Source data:
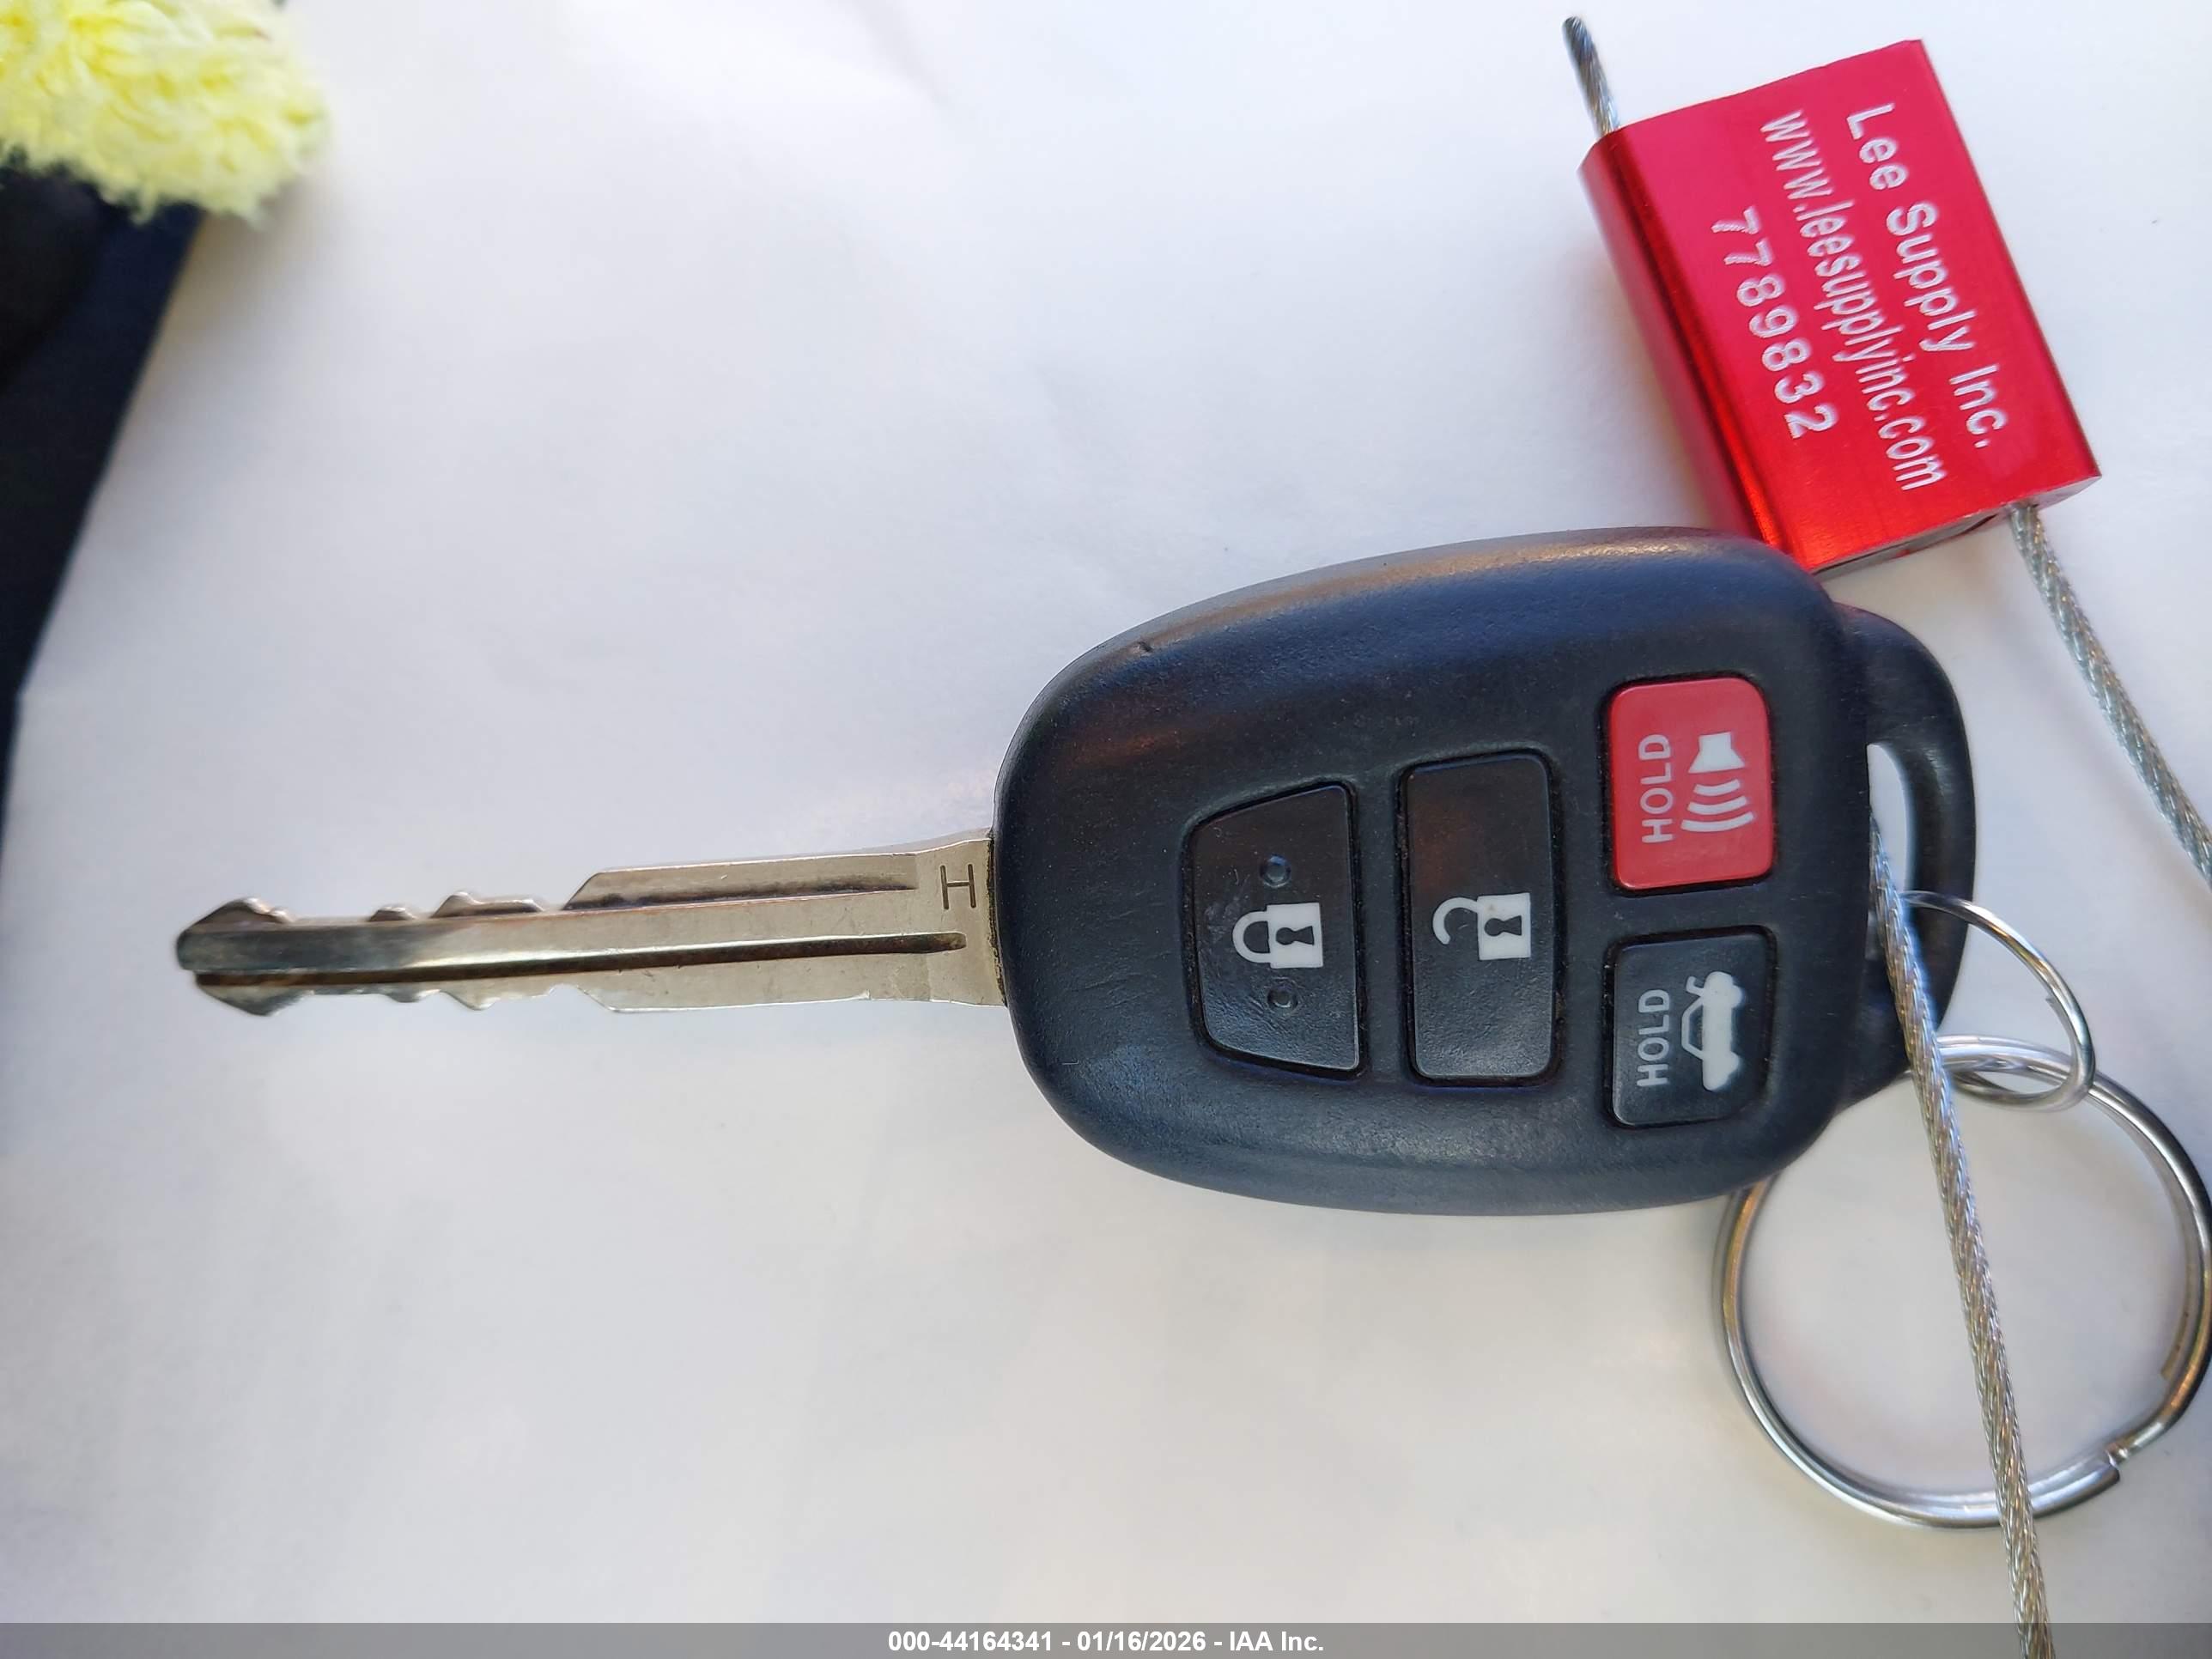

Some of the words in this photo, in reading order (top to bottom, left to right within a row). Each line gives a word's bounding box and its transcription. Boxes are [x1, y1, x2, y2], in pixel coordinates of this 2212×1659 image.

[1711, 206, 1839, 440] 7789832
[1761, 110, 1948, 492] www.leesupplyinc.com
[1846, 102, 1909, 191] Lee
[1885, 201, 1976, 352] Supply
[1950, 364, 2008, 450] Inc.
[1638, 733, 1674, 844] HOLD
[939, 864, 976, 910] H
[1637, 988, 1670, 1088] HOLD
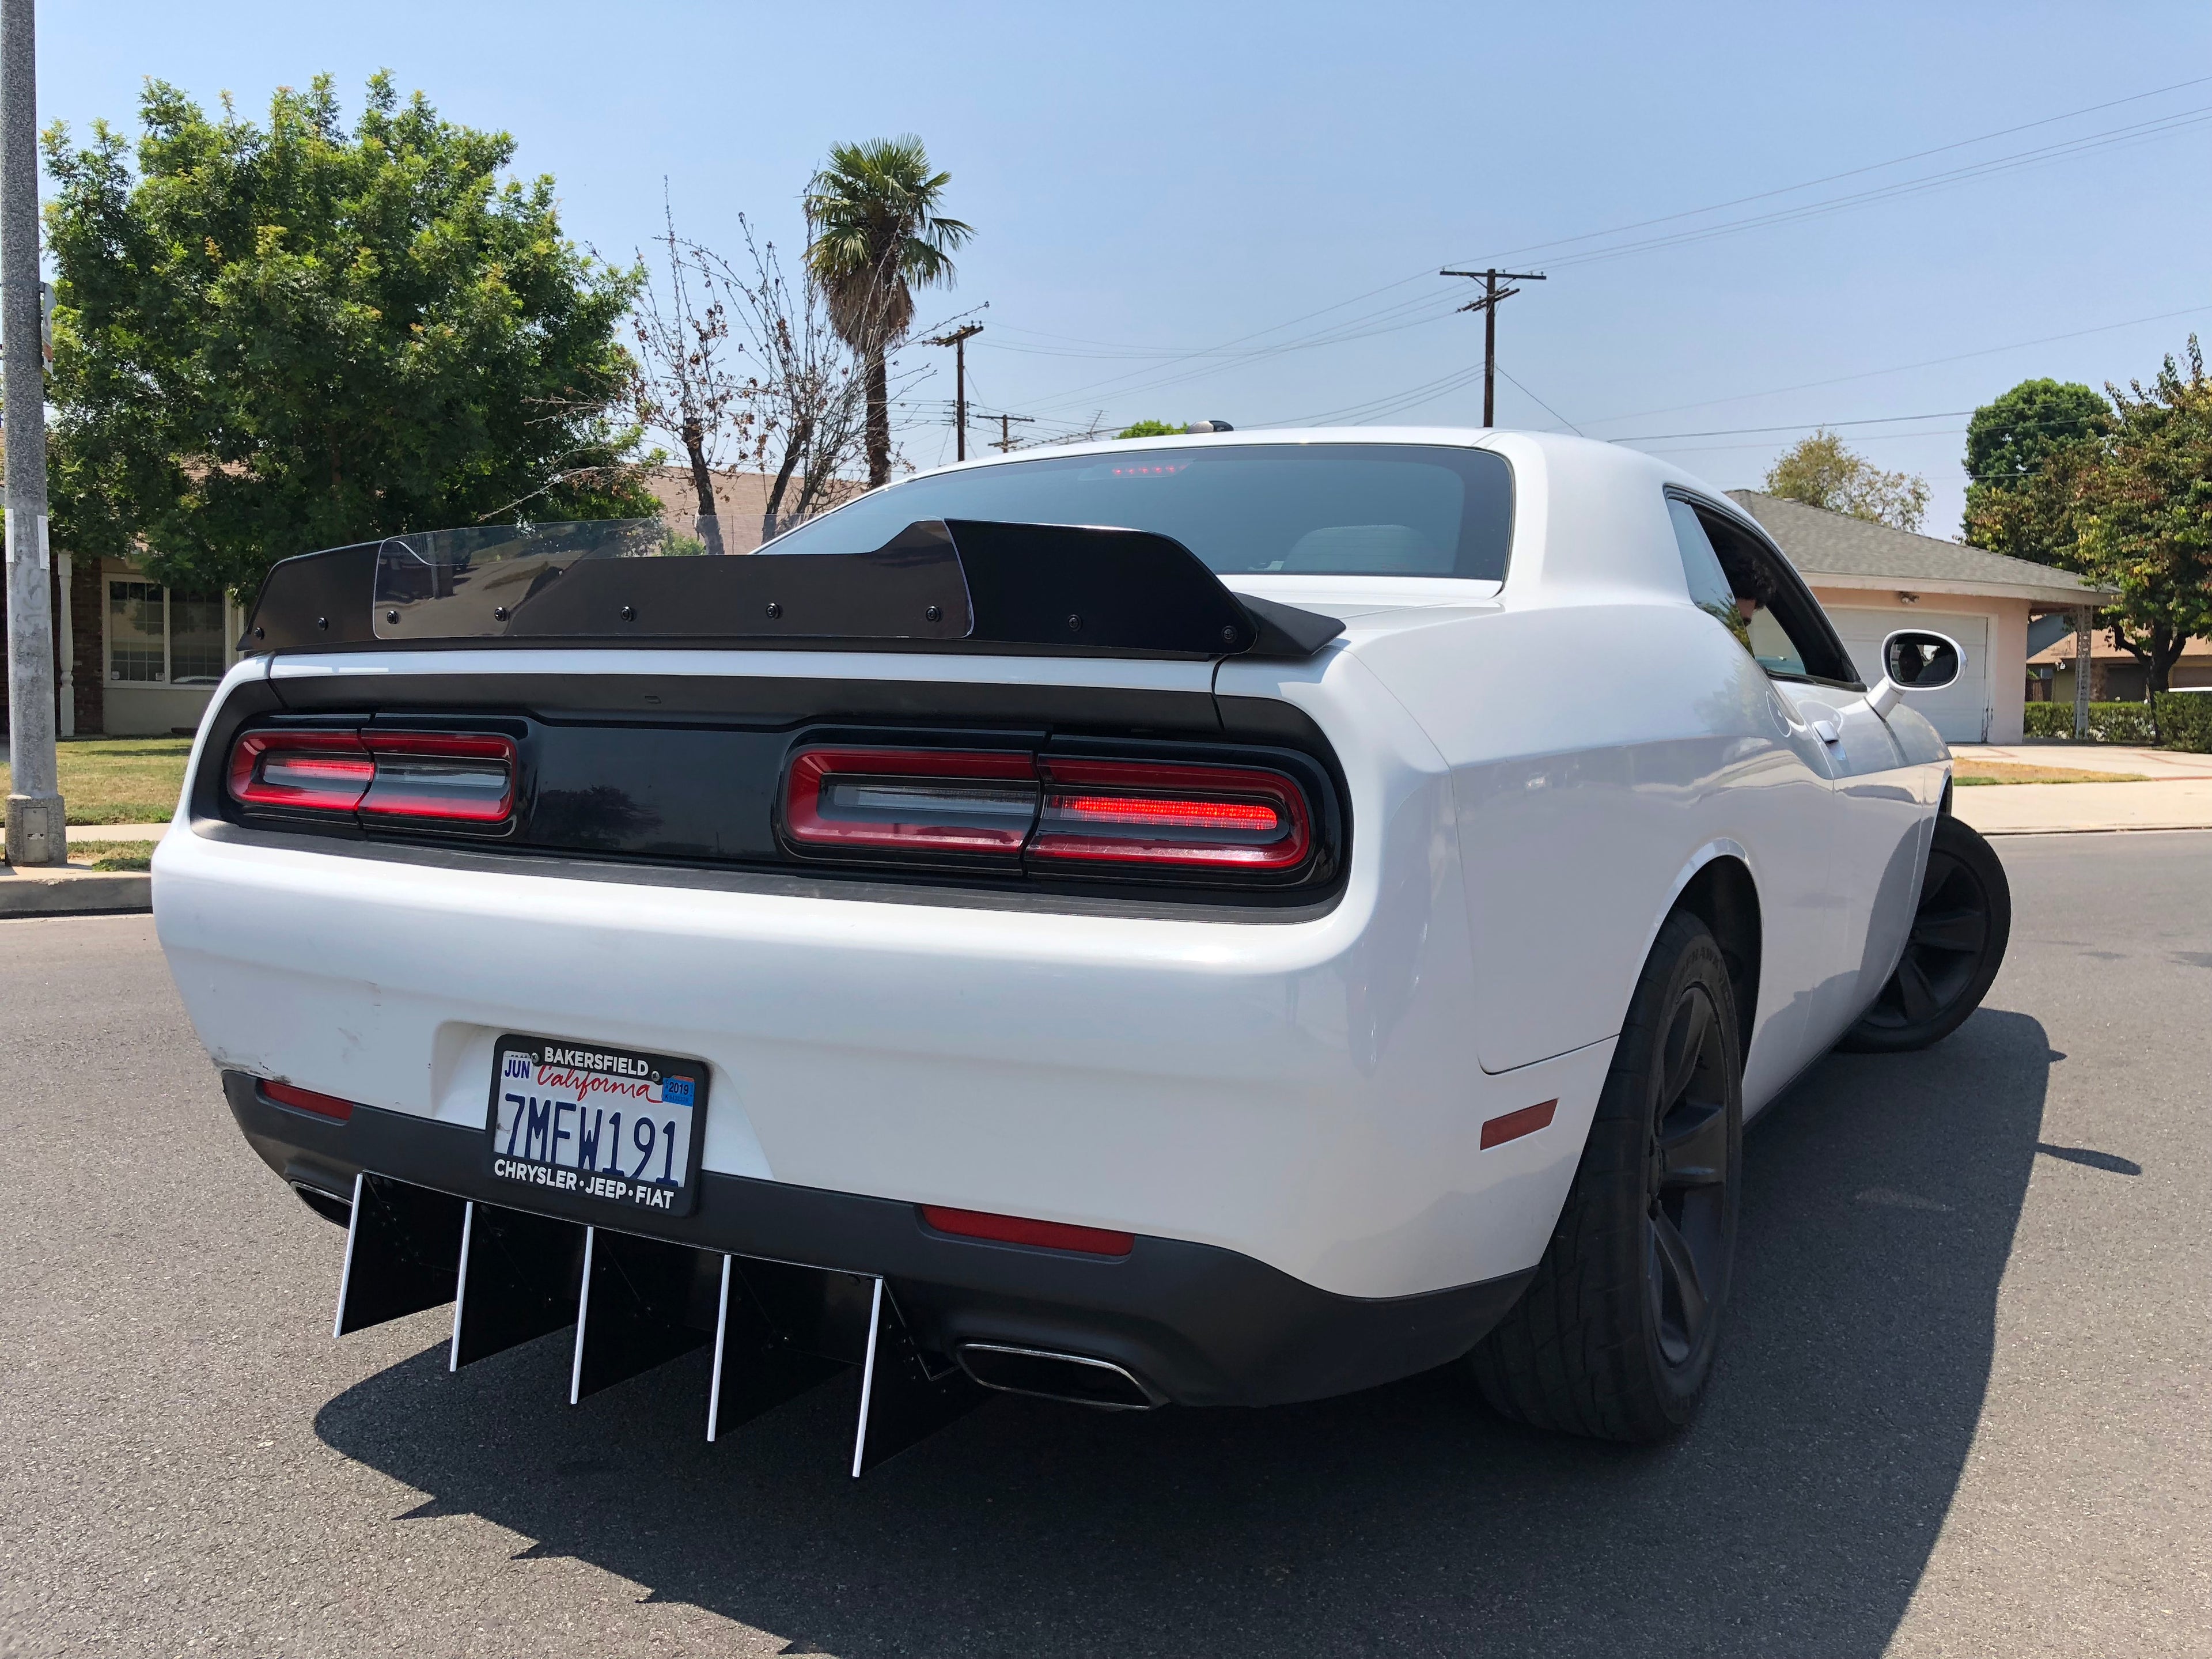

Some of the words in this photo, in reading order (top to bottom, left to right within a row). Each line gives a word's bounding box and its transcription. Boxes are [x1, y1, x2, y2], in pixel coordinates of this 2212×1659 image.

[505, 1059, 531, 1079] JUN
[544, 1047, 649, 1076] BAKERSFIELD
[537, 1065, 663, 1103] California
[668, 1081, 689, 1095] 2019
[505, 1093, 679, 1187] 7MFW191
[494, 1159, 577, 1191] CHRYSLER
[585, 1176, 627, 1200] JEEP
[635, 1185, 675, 1209] FIAT
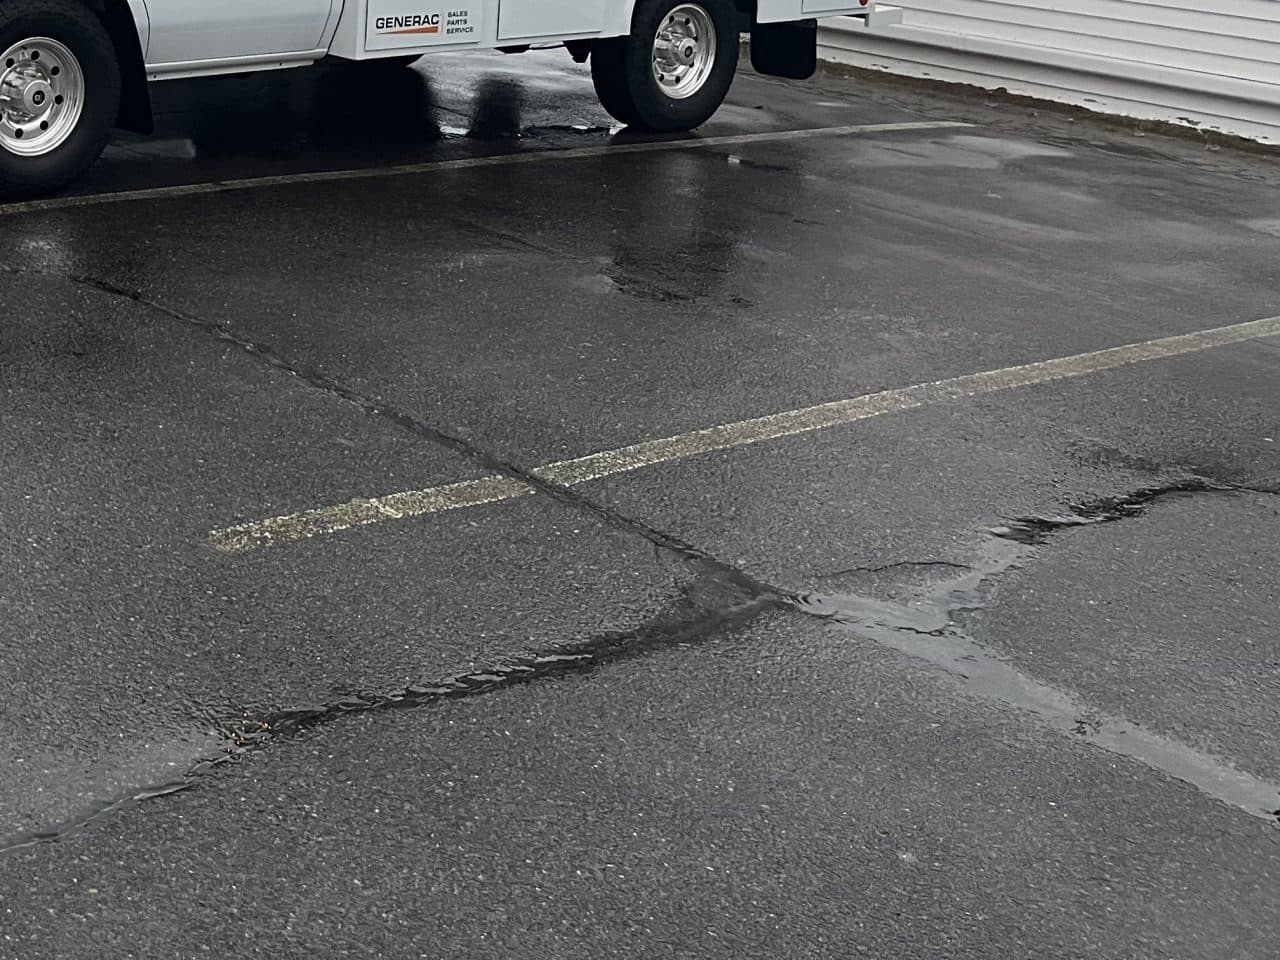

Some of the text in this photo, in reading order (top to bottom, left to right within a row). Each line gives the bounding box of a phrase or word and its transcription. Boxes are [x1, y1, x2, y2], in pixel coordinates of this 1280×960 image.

## WORK TO COMPLETE
Exactness is what counts here: copy each entry as given and omit its pictures.

## RESULT FOR THIS EXERCISE
Some of the words in this photo, in reading order (top to bottom, left to right within a row). Each line gives a word's bounding box and its transcription. Boxes are [x1, y1, x2, y2], in pixel coordinates of this 2212×1659 image.

[1711, 206, 1839, 440] 7789832
[1761, 110, 1948, 492] www.leesupplyinc.com
[1846, 102, 1909, 191] Lee
[1885, 201, 1976, 352] Supply
[1950, 364, 2008, 450] Inc.
[1638, 733, 1674, 844] HOLD
[939, 864, 976, 910] H
[1637, 988, 1670, 1088] HOLD

Some of the words in this photo, in reading order (top to bottom, left to right within a row). Each line gives a word's bounding box and its transcription. Boxes are [x1, y1, x2, y2], in pixel coordinates of this 2212×1659 image.

[505, 1059, 531, 1079] JUN
[544, 1047, 649, 1076] BAKERSFIELD
[537, 1065, 663, 1103] California
[668, 1081, 689, 1095] 2019
[505, 1093, 679, 1187] 7MFW191
[494, 1159, 577, 1191] CHRYSLER
[585, 1176, 627, 1200] JEEP
[635, 1185, 675, 1209] FIAT

Some of the text in this photo, in reading order (top to bottom, left to right within a row). Each line gives the bounding box of a phrase or word and its transcription. Boxes are [x1, y1, x2, y2], in pixel coordinates of this 1280×960 image.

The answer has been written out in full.